## EXERCISE PROMPT
Please repeat each line below exactly, with no images in the copy.

● ● ● ● ●

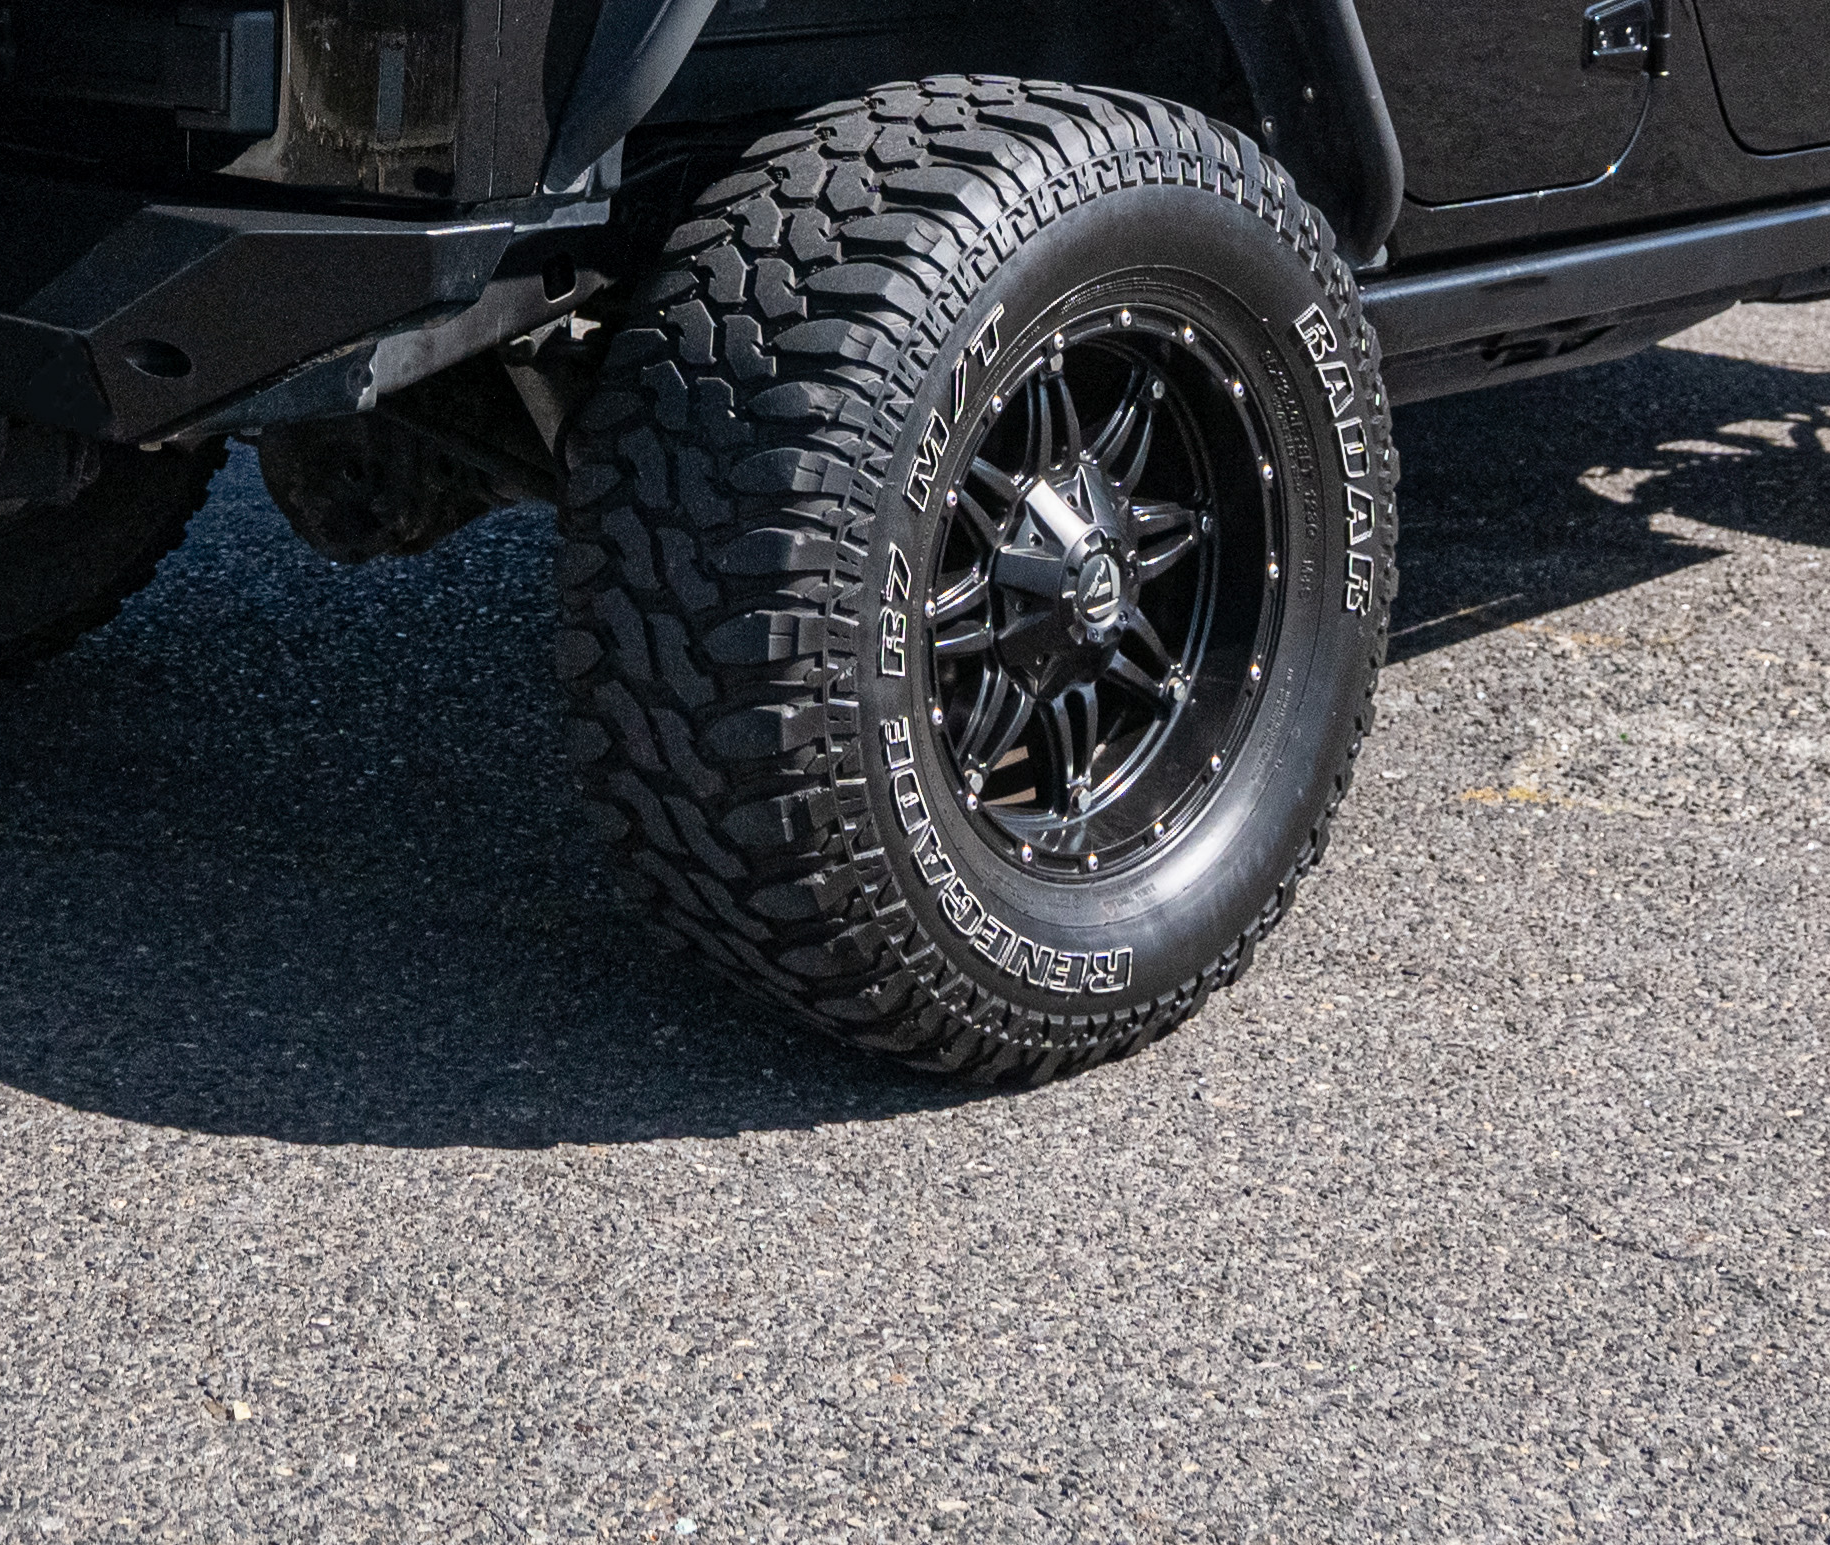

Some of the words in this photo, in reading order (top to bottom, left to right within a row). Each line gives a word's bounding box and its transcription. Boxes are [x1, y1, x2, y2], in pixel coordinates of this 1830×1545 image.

[905, 302, 1004, 513] M/T
[1294, 302, 1375, 617] RADAR
[880, 542, 913, 678] R7
[883, 716, 1133, 994] RENEGADE
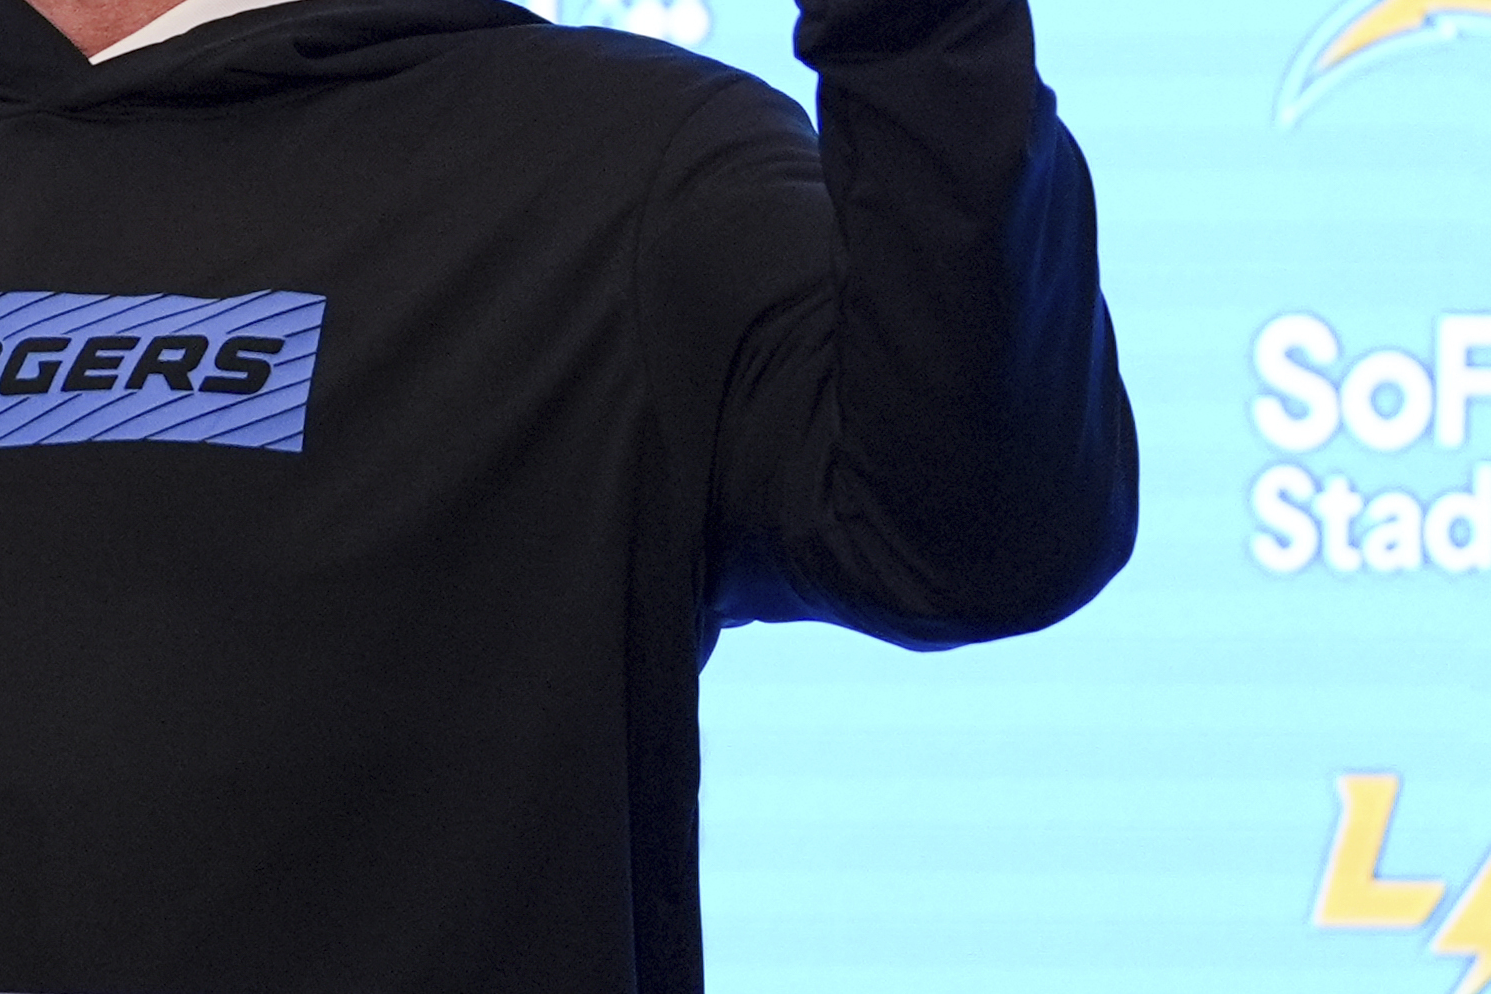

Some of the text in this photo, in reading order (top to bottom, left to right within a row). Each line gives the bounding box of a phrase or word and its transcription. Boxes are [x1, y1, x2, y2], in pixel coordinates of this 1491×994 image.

[1251, 314, 1491, 452] SoF
[1251, 463, 1491, 572] Stad
[1312, 772, 1491, 994] L
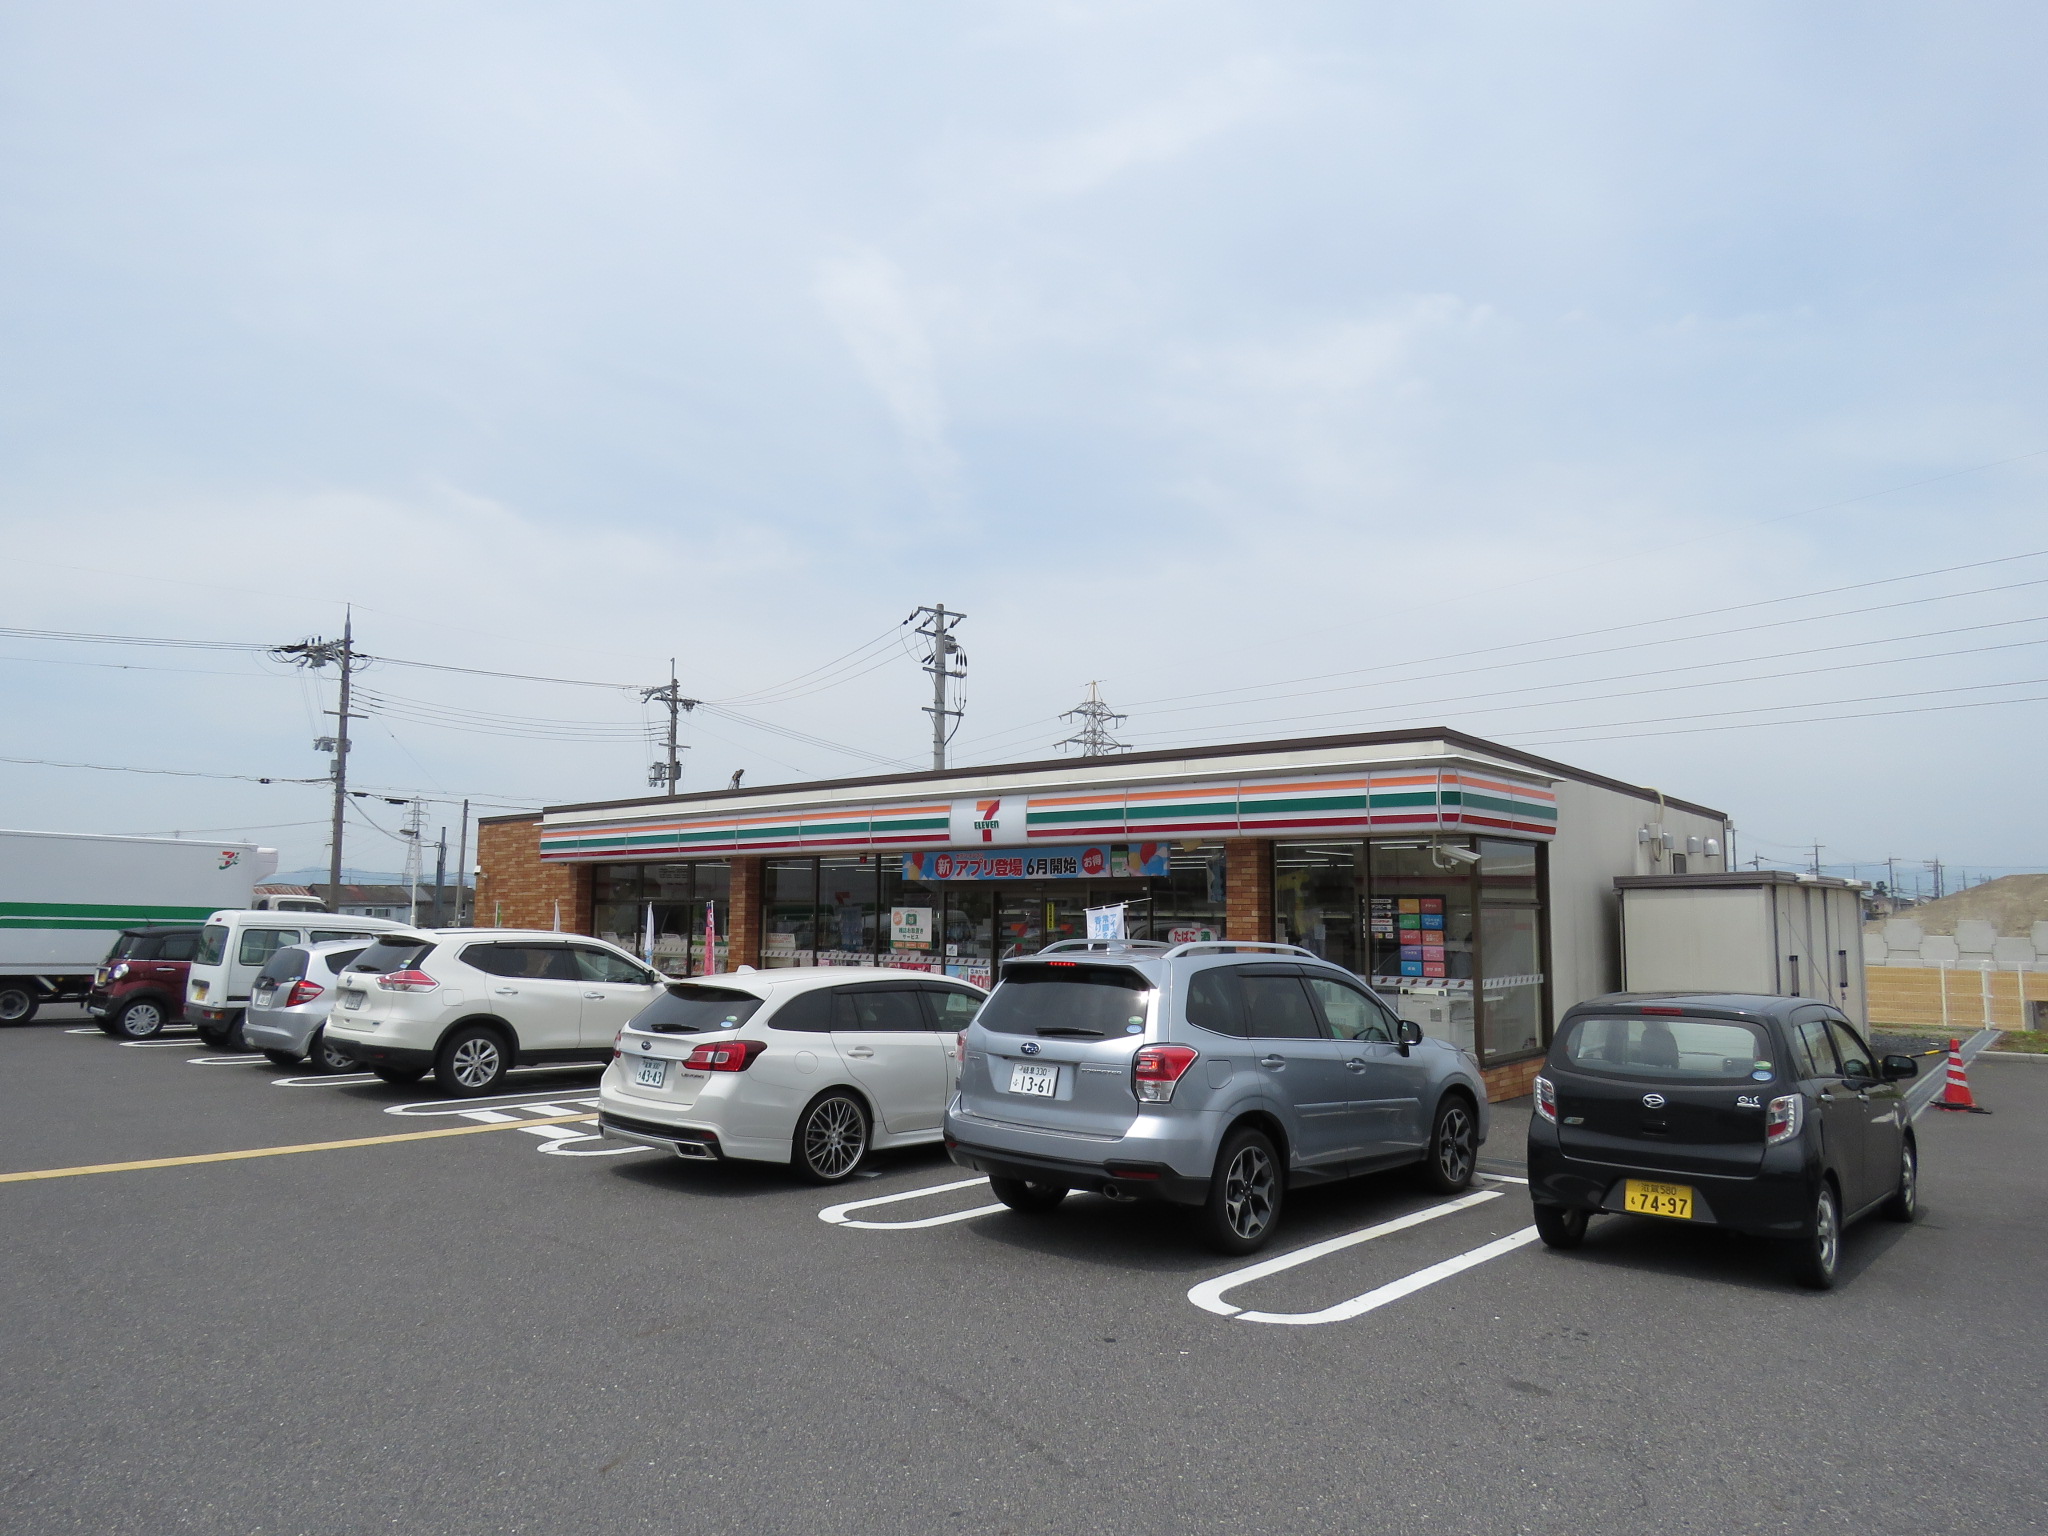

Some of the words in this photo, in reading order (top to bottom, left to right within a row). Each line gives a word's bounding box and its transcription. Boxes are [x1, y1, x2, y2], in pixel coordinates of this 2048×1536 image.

[938, 858, 951, 875] 新
[956, 858, 1023, 877] アプリ登場
[1026, 857, 1077, 876] 6月開始
[1083, 854, 1102, 868] お得
[1173, 930, 1197, 943] たばこ
[641, 1069, 662, 1084] 43-43
[1035, 1067, 1047, 1077] 330
[1020, 1076, 1051, 1094] 13-61
[1660, 1185, 1677, 1195] 580
[1639, 1193, 1688, 1215] 74-97

● ● ● ● ●

## RESULT BELOW
Some of the words in this photo, in reading order (top to bottom, left to right within a row). Each line gives a word's bounding box and its transcription. Boxes are [x1, y1, x2, y2], in pixel coordinates of this 1830×1545 image.

[905, 302, 1004, 513] M/T
[1294, 302, 1375, 617] RADAR
[880, 542, 913, 678] R7
[883, 716, 1133, 994] RENEGADE

Some of the text in this photo, in reading order (top to bottom, left to right within a row). Each line gives the bounding box of a phrase or word and its transcription. Boxes are [x1, y1, x2, y2], in pixel coordinates of this 1491×994 image.

[1251, 314, 1491, 452] SoF
[1251, 463, 1491, 572] Stad
[1312, 772, 1491, 994] L

Some of the words in this photo, in reading order (top to bottom, left to right within a row). Each line gives a word's bounding box and its transcription. Boxes are [x1, y1, x2, y2], in pixel coordinates of this 2048×1536 image.

[938, 858, 951, 875] 新
[956, 858, 1023, 877] アプリ登場
[1026, 857, 1077, 876] 6月開始
[1083, 854, 1102, 868] お得
[1173, 930, 1197, 943] たばこ
[641, 1069, 662, 1084] 43-43
[1035, 1067, 1047, 1077] 330
[1020, 1076, 1051, 1094] 13-61
[1660, 1185, 1677, 1195] 580
[1639, 1193, 1688, 1215] 74-97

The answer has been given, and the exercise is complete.